Wednesday, January 16, 2013

Quebec at the forefront of assisted dying effort in Canada

Exciting developments in Quebec. There is a cross-party consensus in the provincial parliament that assisted dying ought to be available to certain patients, namely those who are on palliative care, who suffer from a terminal illness and who consider their lives not worth living any longer. There is currently contradictory information in the media-reporting about whether assisted dying extends all the way to voluntary euthanasia or just assisted suicide. What seems clear is that the legislators avoid - likely for legal reasons - from calling what they proposing what it is. 

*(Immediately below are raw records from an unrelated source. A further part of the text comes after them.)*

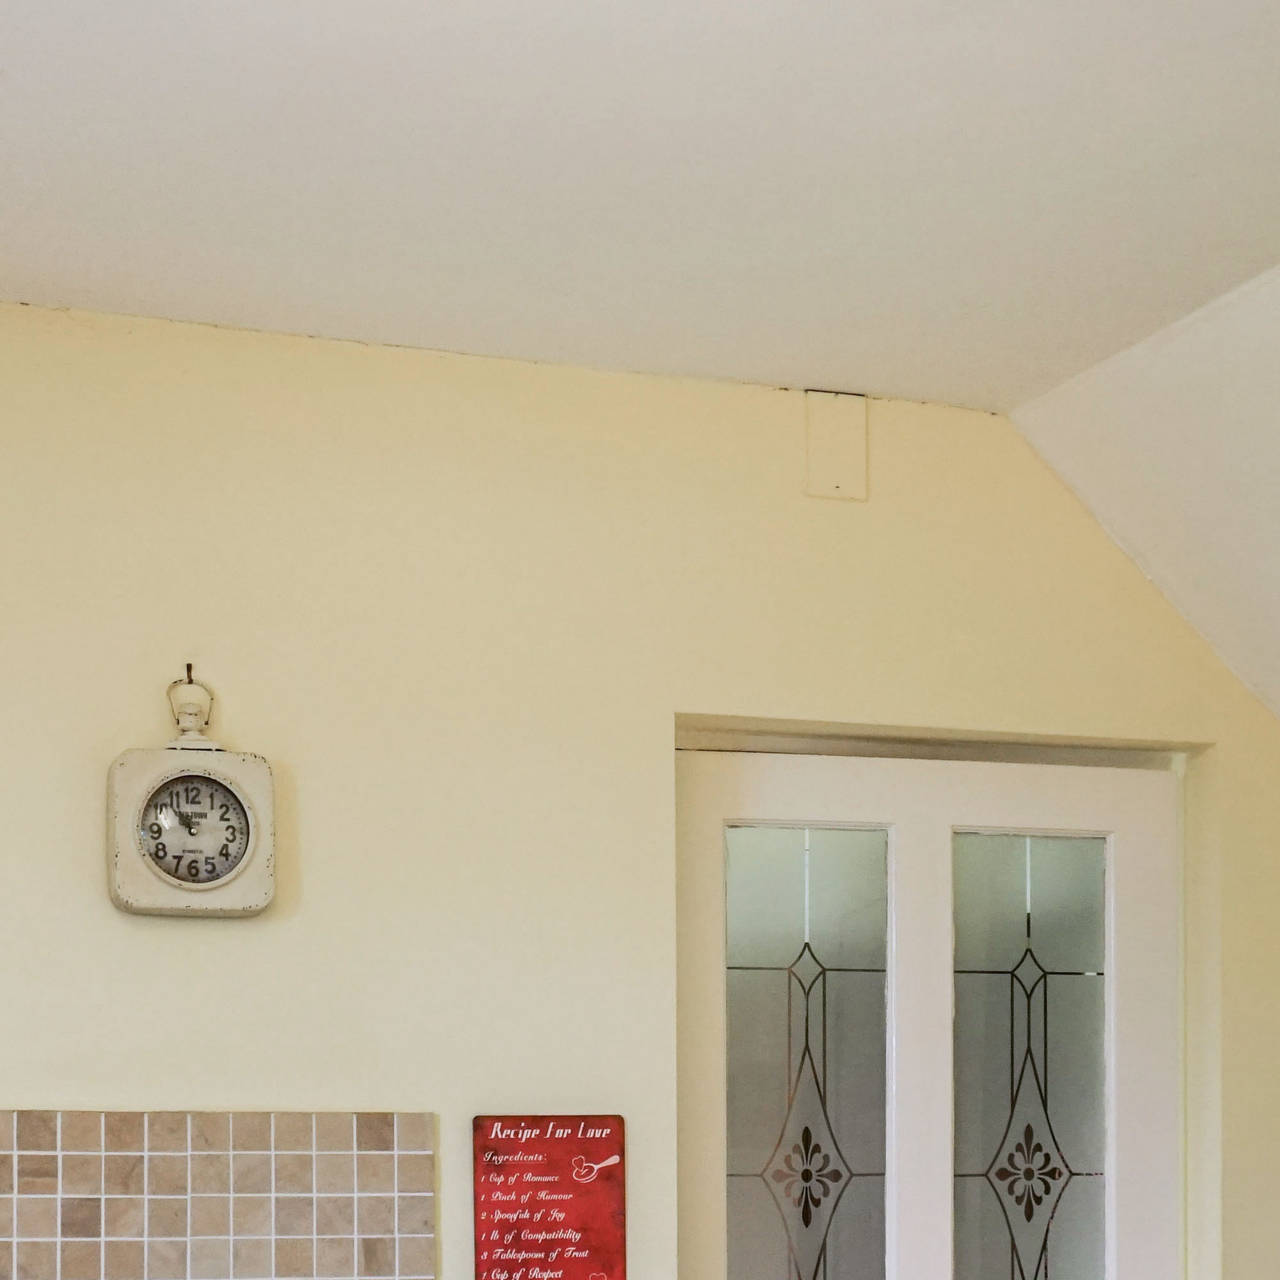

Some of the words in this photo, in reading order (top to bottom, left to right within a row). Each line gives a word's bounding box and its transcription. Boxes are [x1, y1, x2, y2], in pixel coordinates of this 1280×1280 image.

[184, 786, 201, 805] 12
[209, 792, 214, 810] 1
[219, 804, 231, 821] 2
[149, 822, 162, 840] 9
[225, 825, 237, 843] 3
[155, 842, 167, 860] 8
[219, 844, 231, 861] 4
[172, 855, 184, 874] 7
[187, 859, 199, 877] 6
[204, 856, 216, 874] 5
[488, 1121, 540, 1143] Recipe
[544, 1121, 572, 1139] For
[577, 1121, 611, 1139] Love
[489, 1173, 505, 1185] Cup
[508, 1173, 520, 1185] of
[522, 1172, 559, 1182] Romance
[491, 1191, 516, 1201] Pinch
[520, 1191, 533, 1204] of
[536, 1190, 573, 1200] Humour
[533, 1208, 546, 1222] of
[547, 1207, 566, 1222] Joy
[490, 1229, 499, 1241] lb
[504, 1229, 517, 1244] of
[520, 1228, 582, 1244] Compatibility
[492, 1248, 545, 1262] Tablespoons
[548, 1248, 561, 1262] of
[564, 1247, 589, 1258] Trust
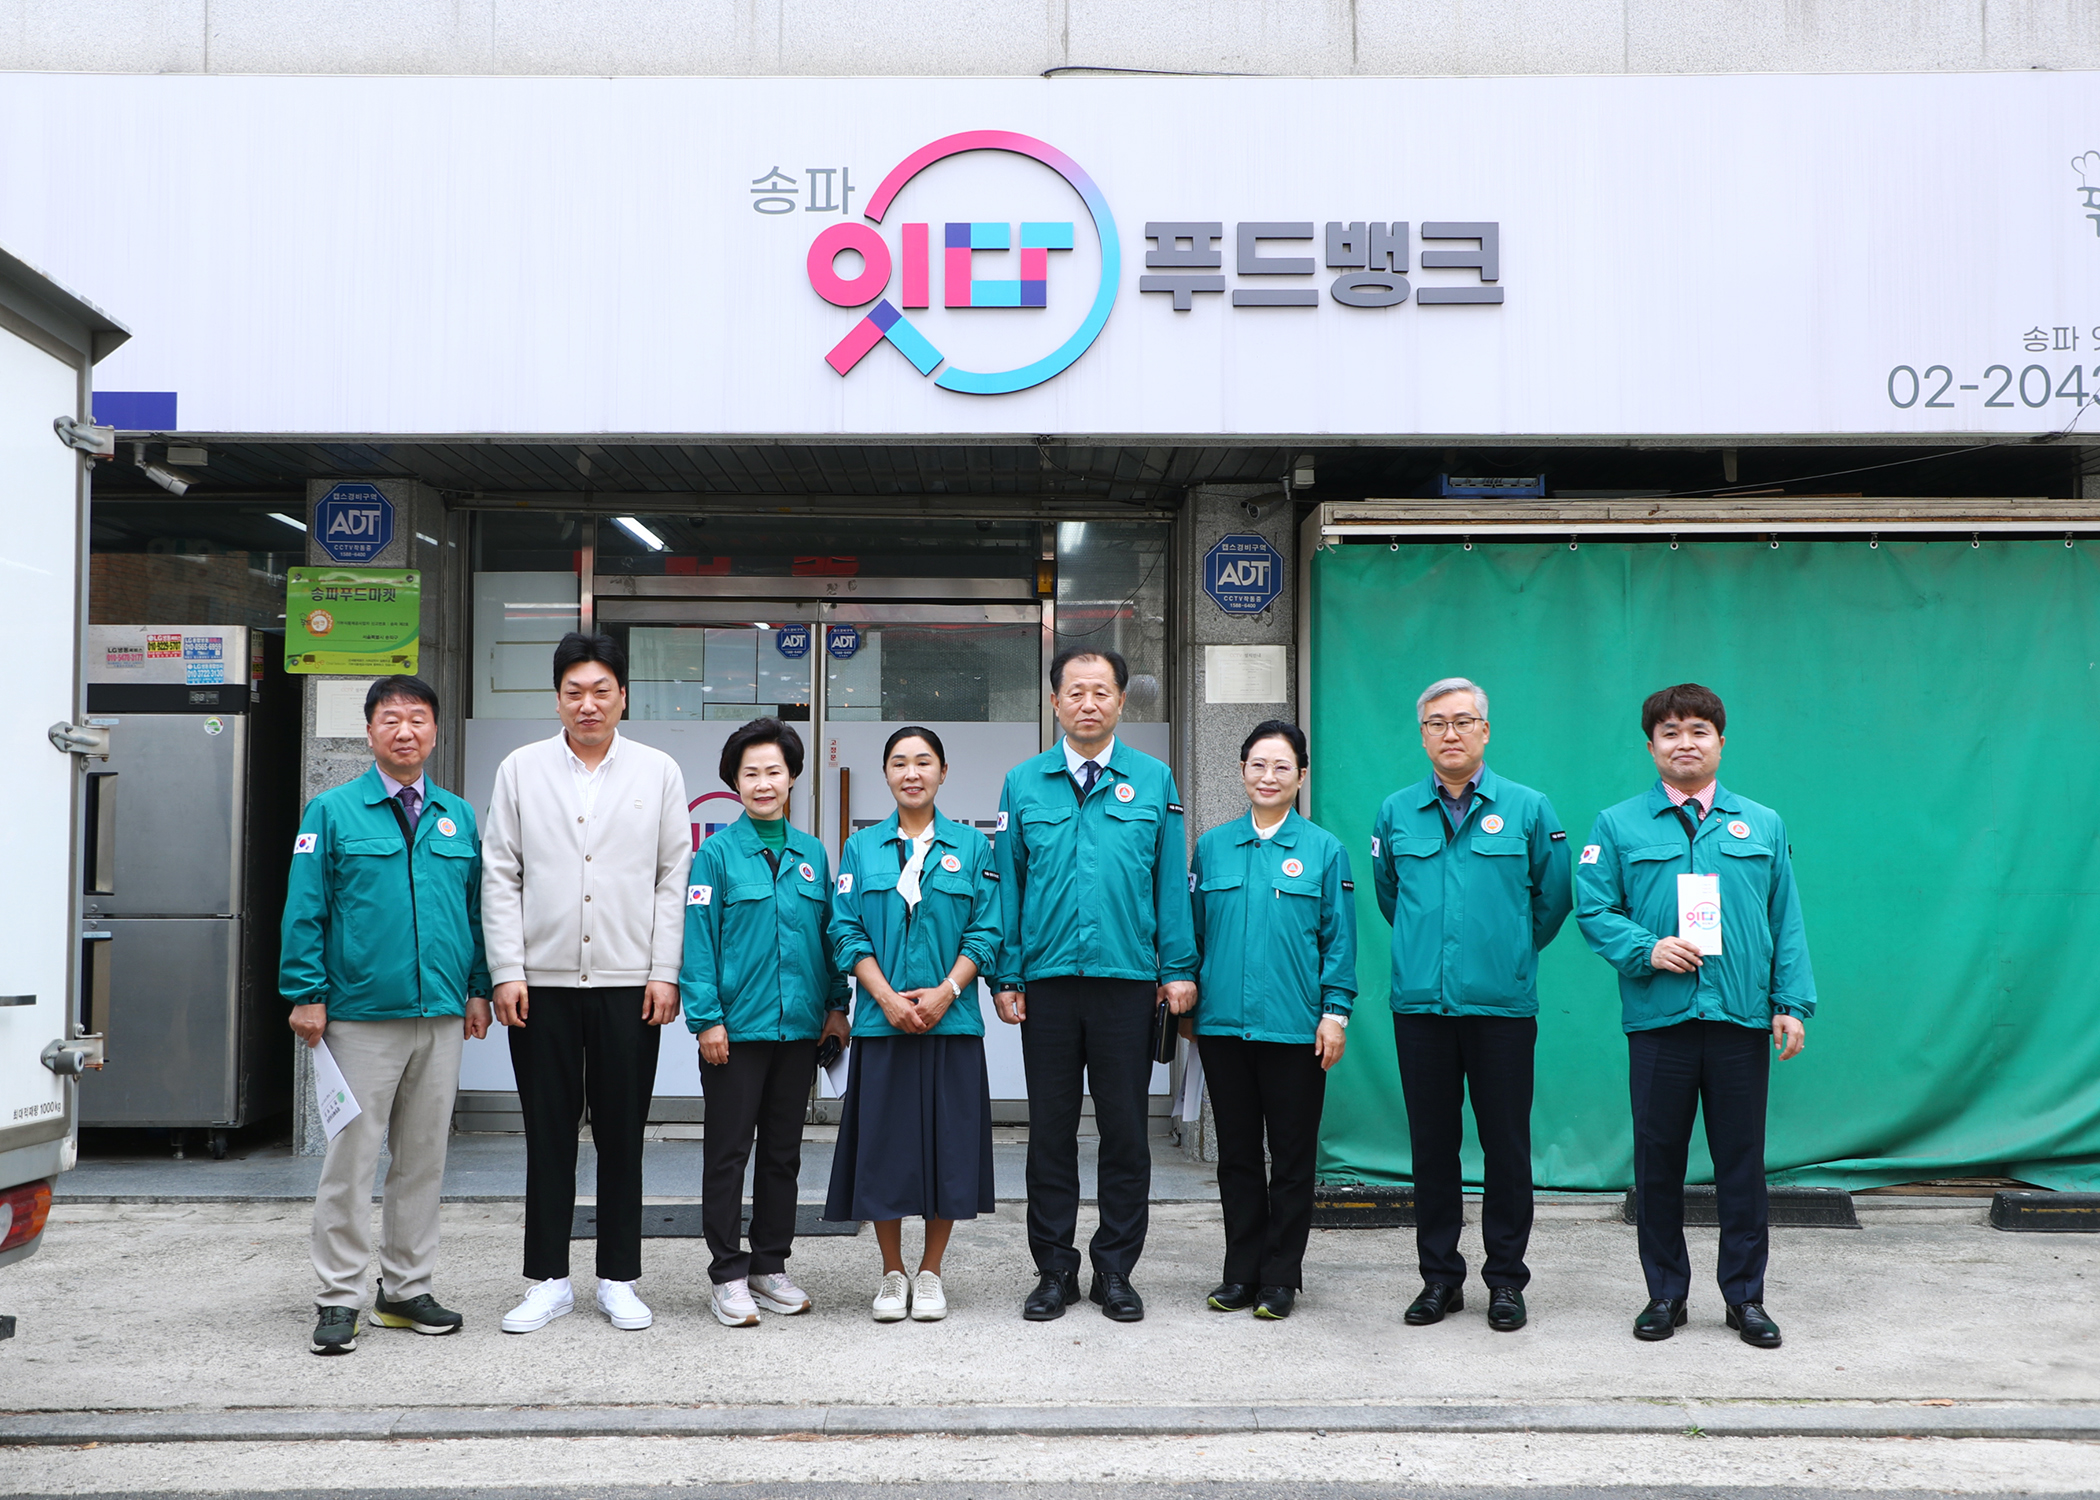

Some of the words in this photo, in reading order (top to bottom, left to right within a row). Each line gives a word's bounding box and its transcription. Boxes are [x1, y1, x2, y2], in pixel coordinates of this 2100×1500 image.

[750, 165, 856, 216] 송파
[806, 221, 1075, 377] 잇다
[1139, 221, 1505, 312] 푸드뱅크
[2022, 326, 2080, 352] 송파
[1887, 364, 2100, 409] 02-204
[328, 509, 380, 535] ADT
[1217, 560, 1270, 587] ADT
[311, 586, 397, 603] 송파푸드마켓
[781, 634, 806, 648] ADT
[831, 635, 856, 648] ADT

I have not been able to get my hands on an English version of what is reportedly a 400pp legal document indicating that Quebec is on firm legal grounds, constitutionally, if it decided to go ahead with this plan.

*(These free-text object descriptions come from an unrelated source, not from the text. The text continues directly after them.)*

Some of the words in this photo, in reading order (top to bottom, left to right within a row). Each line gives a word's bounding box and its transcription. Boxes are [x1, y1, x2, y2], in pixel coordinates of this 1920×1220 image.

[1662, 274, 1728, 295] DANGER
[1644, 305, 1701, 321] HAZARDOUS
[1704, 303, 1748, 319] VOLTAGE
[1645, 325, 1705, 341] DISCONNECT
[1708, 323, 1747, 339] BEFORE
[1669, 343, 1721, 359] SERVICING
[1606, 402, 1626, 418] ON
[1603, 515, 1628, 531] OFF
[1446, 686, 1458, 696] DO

Here is how the Huffington Post has reported the gist of it: 

'Under the recommendations, patients themselves would have to make the request to a doctor on the basis of unbearable physical or psychological suffering. Two physicians would have to approve the request, which would have to be made in writing.
Doctors would not face criminal charges in these circumstances, the report said. Any law should state that the refusal, interruption, abstention from care or the application of a terminal sedative in those circumstances could not be considered a suicide.
The Quebec panel, which was headed by lawyer Jean-Pierre Menard, said people suffering from an incurable or degenerative illness should be allowed to ask for medical assistance to help them die.'

Sunday, July 19, 2009

Canadian doctors move on Right-to-Die issue

Interesting stuff. Doctors in the French speaking Canadian province of Quebec are bound to issue a discussion document this coming fall proposing that voluntary euthanasia be legalised under certain circumstances, namely in case of terminally ill patients suffering severe pain.

The Montreal Gazette points out that the Quebecoise electorate has been more progressive than voters in other Canadian provinces, with about 80% favouring the legalisation of voluntary euthanasia. Conservative religious people are naturally not bemused, and their lobbyists dragged out flawed stuff like the doctrine of the double-effect and the intention-foresight distinction.

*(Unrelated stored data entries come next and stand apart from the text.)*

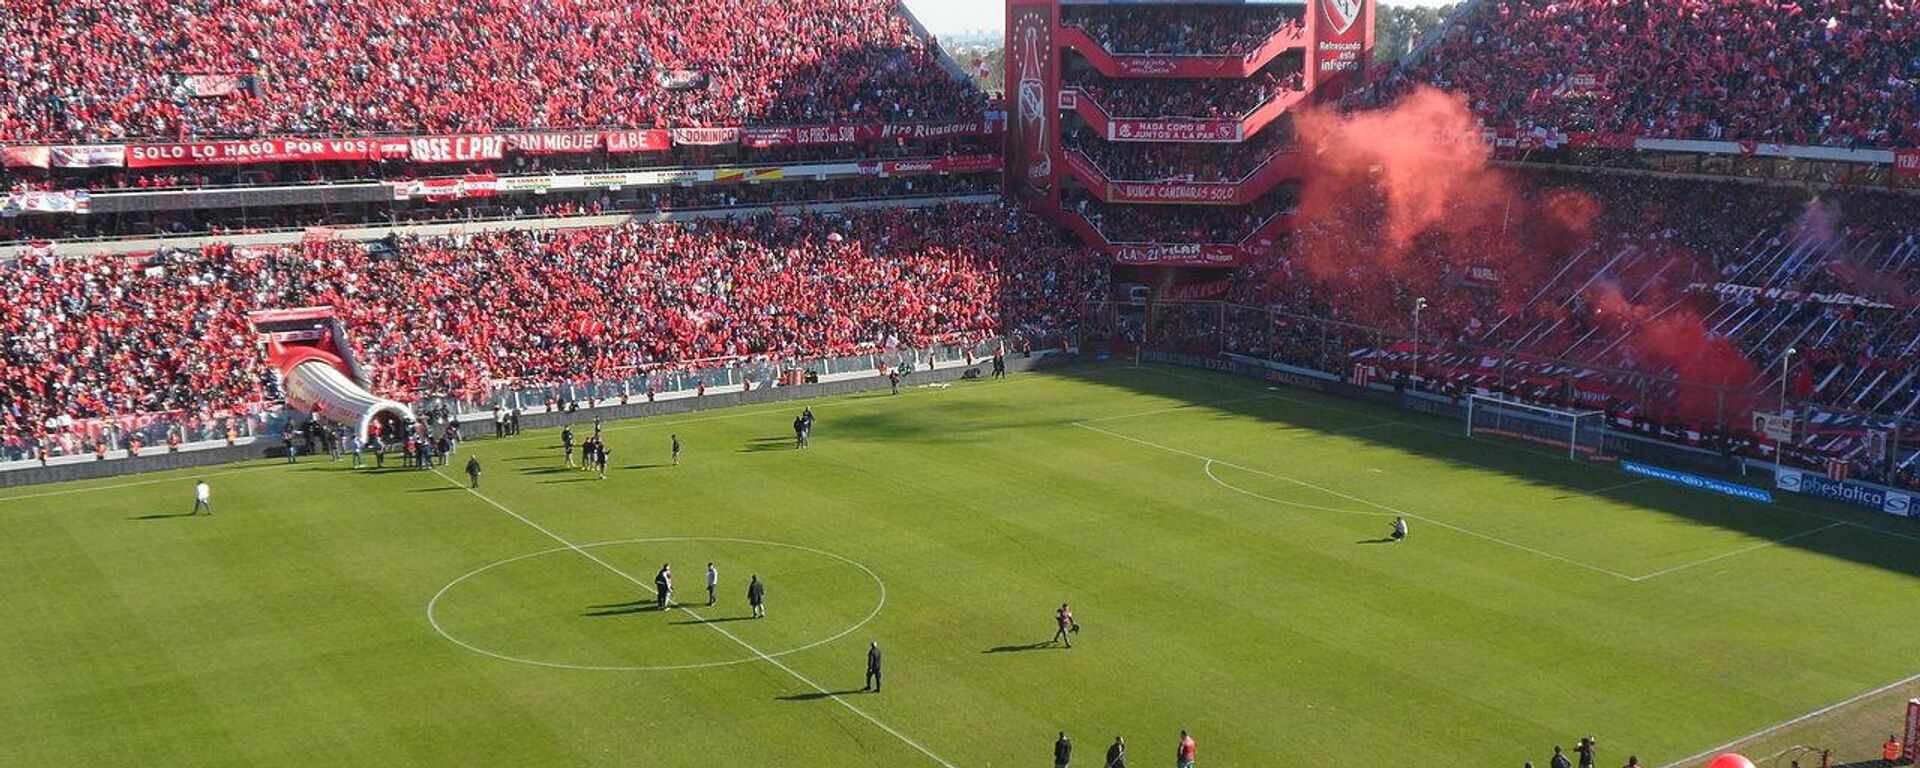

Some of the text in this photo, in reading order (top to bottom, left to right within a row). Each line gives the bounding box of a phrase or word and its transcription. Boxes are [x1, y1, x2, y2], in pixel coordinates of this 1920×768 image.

[1320, 41, 1361, 50] Refrescando
[1339, 51, 1356, 60] este
[1321, 59, 1359, 70] infierno
[914, 122, 978, 138] Rivadavia
[1139, 122, 1164, 131] NADA
[1166, 122, 1194, 132] COMO
[506, 132, 602, 151] SAN MIGUEL
[686, 129, 735, 143] DOMINICO
[1133, 131, 1171, 139] JUNTOS
[1172, 131, 1181, 140] A
[1182, 131, 1195, 140] LA
[133, 146, 184, 159] SOLO
[191, 145, 216, 158] LO
[223, 141, 275, 156] HAGO
[284, 141, 325, 154] POR
[1126, 184, 1156, 198] NUNCA
[1210, 187, 1234, 200] SOLO
[1623, 464, 1768, 502] Allianz Seguros
[1802, 477, 1881, 504] pbestatica

Simply put: these people believe that if someone dies as a foreseeable side-effect of having received large quantities of pain killers that is not euthanasia provided the doctor's decision was to relief pain and not to kill the patient. Of course, the effect is the same: the patient dies as a foreseeable consequence of her doctor's intervention. To say that I don't mean to do X when I know that X is the inevitable result of my actions is probably intelligible (after all, I might accept X as an unwanted but inevitable thing, in order to achieve something else, say the alleviation of pain). And yet, it seems deeply dishonest to go on about this distinction when it is clear that I will kill a given patient if I intervene in a particular way (even if my intention is otherwise). Seems like camomile for the tortured guilty conscience. Perhaps it is time to consider whether it would be better to permit people legal access to this option to avoid endless probes into doctors' intentions. It would appear to be more sensible to focus on the outcomes of actions and decide whether or not they are desirable. The double-effect doctrine and the intention-foresight distinction are not particularly helpful, when looked at from this perspective.

Canada at this point in time outlaws voluntary euthanasia, as well as physician assisted suicide (in this case the doctor would not administer the drug to terminate your life, she would only make them available to you so that you can commit suicide yourself if you so wish).